◆ What is needed
Everything in the listing that follows should be reproduced exactly except the pictures.

___ Recorded data ___

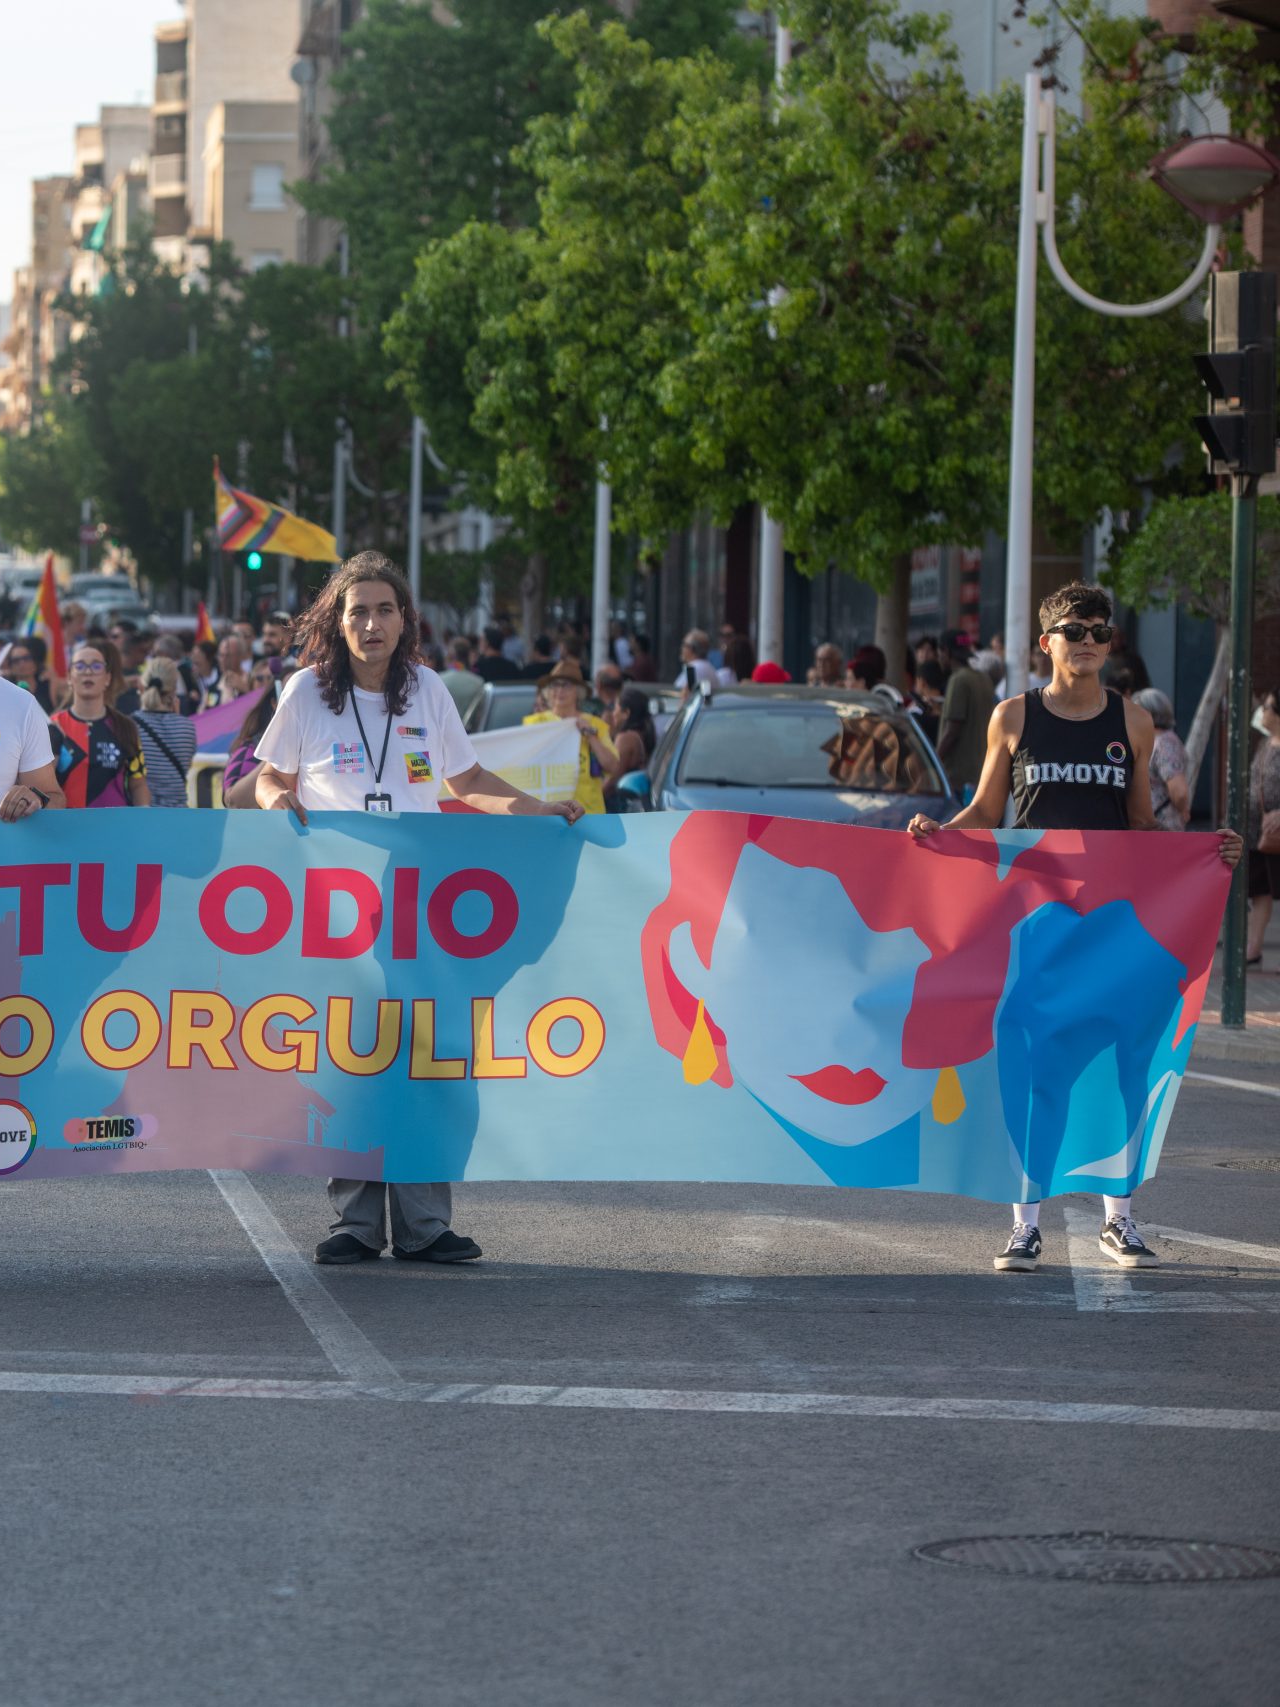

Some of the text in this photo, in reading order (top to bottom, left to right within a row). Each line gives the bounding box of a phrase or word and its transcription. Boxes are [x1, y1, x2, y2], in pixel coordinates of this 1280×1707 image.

[1024, 763, 1126, 788] DIMOVE
[198, 864, 520, 960] ODIO
[81, 989, 607, 1081] ORGULLO
[86, 1118, 135, 1139] TEMIS
[72, 1141, 148, 1153] Asociación LGTBIQ+

___

◆ Task response
Some of the text in this photo, in reading order (top to bottom, left to right within a row). Each line gives the bounding box of a phrase or word and its transcription. Boxes are [x1, y1, x2, y2], in pixel coordinates of this 1280×1707 image.

[1024, 763, 1126, 788] DIMOVE
[198, 864, 520, 960] ODIO
[81, 989, 607, 1081] ORGULLO
[86, 1118, 135, 1139] TEMIS
[72, 1141, 148, 1153] Asociación LGTBIQ+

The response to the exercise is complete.